Abstract

Cellular senescence is a widespread cellular programme that is characterized by permanent cell cycle arrest. Senescent cells adopt a changed secretory phenotype that can alter cellular function. For years, cellular senescence has been thought to be a protective factor against cancer; however, it is now recognized that it has a dual effect on individuals. Co‐ordinated activation of cellular senescence provides advantages during embryogenesis, wound healing, tissue repair and inhibition of tumorigenesis. On the other hand, the aberrant generation and accumulation of abnormal senescent cells lead to the development of age‐related conditions and tissue deterioration. During acute kidney injury (AKI), the kidney faces multiple types of stressors and challenges, which can easily drive cellular senescence.
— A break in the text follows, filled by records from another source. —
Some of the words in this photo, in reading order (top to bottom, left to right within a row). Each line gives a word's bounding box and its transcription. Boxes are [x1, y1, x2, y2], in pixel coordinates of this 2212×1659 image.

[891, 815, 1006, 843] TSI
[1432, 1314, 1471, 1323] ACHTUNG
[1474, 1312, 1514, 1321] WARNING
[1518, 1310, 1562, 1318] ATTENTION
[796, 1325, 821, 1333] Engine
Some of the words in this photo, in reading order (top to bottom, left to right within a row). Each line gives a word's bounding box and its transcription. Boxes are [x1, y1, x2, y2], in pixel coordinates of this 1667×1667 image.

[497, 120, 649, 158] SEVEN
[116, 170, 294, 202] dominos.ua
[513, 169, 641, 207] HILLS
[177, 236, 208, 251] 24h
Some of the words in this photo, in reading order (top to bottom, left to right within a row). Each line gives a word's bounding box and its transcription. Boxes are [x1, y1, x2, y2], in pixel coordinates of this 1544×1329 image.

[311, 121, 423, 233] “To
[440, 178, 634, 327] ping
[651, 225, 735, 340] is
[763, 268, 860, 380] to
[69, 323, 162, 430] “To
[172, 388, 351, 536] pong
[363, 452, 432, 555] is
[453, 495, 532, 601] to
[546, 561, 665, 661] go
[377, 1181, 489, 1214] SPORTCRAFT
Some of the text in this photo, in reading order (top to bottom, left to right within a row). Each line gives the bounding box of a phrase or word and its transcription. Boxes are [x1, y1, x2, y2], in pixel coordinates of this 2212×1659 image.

How to appropriately progress through the cell cycle and minimize long‐term damage is of great importance to the acquisition of adaptive repair considering that no available therapeutic interventions can reliably limit injury, speedy recovery or improve the prognosis of this syndrome. Whether the manipulation of cellular senescence can become a novel therapeutic target in AKI and reignite clinical and research interest remains to be determined. Here, we share our current understanding of the role of cellular senescence in AKI, along with examples of the application of mesenchymal stem cells (MSCs) for targeting this disorder during its treatment.